[Data excerpts]
★ ★ ★ ★ ★ ★ ★

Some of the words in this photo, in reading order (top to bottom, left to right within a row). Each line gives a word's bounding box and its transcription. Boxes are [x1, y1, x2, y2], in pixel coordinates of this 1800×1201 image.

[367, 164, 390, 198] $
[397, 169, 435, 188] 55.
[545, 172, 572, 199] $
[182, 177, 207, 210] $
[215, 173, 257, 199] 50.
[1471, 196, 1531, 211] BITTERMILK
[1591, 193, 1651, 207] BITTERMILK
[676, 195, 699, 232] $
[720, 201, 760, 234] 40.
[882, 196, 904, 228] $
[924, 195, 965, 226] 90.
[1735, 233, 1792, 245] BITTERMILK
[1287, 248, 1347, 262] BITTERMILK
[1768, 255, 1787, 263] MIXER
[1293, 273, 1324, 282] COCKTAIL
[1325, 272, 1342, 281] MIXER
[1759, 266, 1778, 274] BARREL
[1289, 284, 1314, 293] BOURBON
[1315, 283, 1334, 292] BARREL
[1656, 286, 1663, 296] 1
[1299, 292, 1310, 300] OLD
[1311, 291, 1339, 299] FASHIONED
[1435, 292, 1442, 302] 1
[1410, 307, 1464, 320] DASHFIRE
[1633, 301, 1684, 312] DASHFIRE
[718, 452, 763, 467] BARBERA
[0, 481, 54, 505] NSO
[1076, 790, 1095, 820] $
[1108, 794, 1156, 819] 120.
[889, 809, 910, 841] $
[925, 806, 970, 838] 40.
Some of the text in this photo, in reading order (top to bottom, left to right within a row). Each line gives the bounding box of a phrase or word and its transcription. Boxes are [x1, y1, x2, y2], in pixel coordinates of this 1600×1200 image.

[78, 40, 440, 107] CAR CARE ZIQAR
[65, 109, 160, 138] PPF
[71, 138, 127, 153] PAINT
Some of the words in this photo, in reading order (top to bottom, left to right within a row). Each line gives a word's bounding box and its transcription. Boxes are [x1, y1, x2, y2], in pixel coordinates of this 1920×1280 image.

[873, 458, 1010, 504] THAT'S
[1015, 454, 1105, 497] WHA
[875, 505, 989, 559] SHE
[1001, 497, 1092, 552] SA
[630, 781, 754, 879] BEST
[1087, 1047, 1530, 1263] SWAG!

★ ★ ★ ★ ★ ★ ★

Your objective >> All of the entries above should be written out again exactly.

Answer box >>
Some of the words in this photo, in reading order (top to bottom, left to right within a row). Each line gives a word's bounding box and its transcription. Boxes are [x1, y1, x2, y2], in pixel coordinates of this 1800×1201 image.

[367, 164, 390, 198] $
[397, 169, 435, 188] 55.
[545, 172, 572, 199] $
[182, 177, 207, 210] $
[215, 173, 257, 199] 50.
[1471, 196, 1531, 211] BITTERMILK
[1591, 193, 1651, 207] BITTERMILK
[676, 195, 699, 232] $
[720, 201, 760, 234] 40.
[882, 196, 904, 228] $
[924, 195, 965, 226] 90.
[1735, 233, 1792, 245] BITTERMILK
[1287, 248, 1347, 262] BITTERMILK
[1768, 255, 1787, 263] MIXER
[1293, 273, 1324, 282] COCKTAIL
[1325, 272, 1342, 281] MIXER
[1759, 266, 1778, 274] BARREL
[1289, 284, 1314, 293] BOURBON
[1315, 283, 1334, 292] BARREL
[1656, 286, 1663, 296] 1
[1299, 292, 1310, 300] OLD
[1311, 291, 1339, 299] FASHIONED
[1435, 292, 1442, 302] 1
[1410, 307, 1464, 320] DASHFIRE
[1633, 301, 1684, 312] DASHFIRE
[718, 452, 763, 467] BARBERA
[0, 481, 54, 505] NSO
[1076, 790, 1095, 820] $
[1108, 794, 1156, 819] 120.
[889, 809, 910, 841] $
[925, 806, 970, 838] 40.
Some of the text in this photo, in reading order (top to bottom, left to right within a row). Each line gives the bounding box of a phrase or word and its transcription. Boxes are [x1, y1, x2, y2], in pixel coordinates of this 1600×1200 image.

[78, 40, 440, 107] CAR CARE ZIQAR
[65, 109, 160, 138] PPF
[71, 138, 127, 153] PAINT
Some of the words in this photo, in reading order (top to bottom, left to right within a row). Each line gives a word's bounding box and its transcription. Boxes are [x1, y1, x2, y2], in pixel coordinates of this 1920×1280 image.

[873, 458, 1010, 504] THAT'S
[1015, 454, 1105, 497] WHA
[875, 505, 989, 559] SHE
[1001, 497, 1092, 552] SA
[630, 781, 754, 879] BEST
[1087, 1047, 1530, 1263] SWAG!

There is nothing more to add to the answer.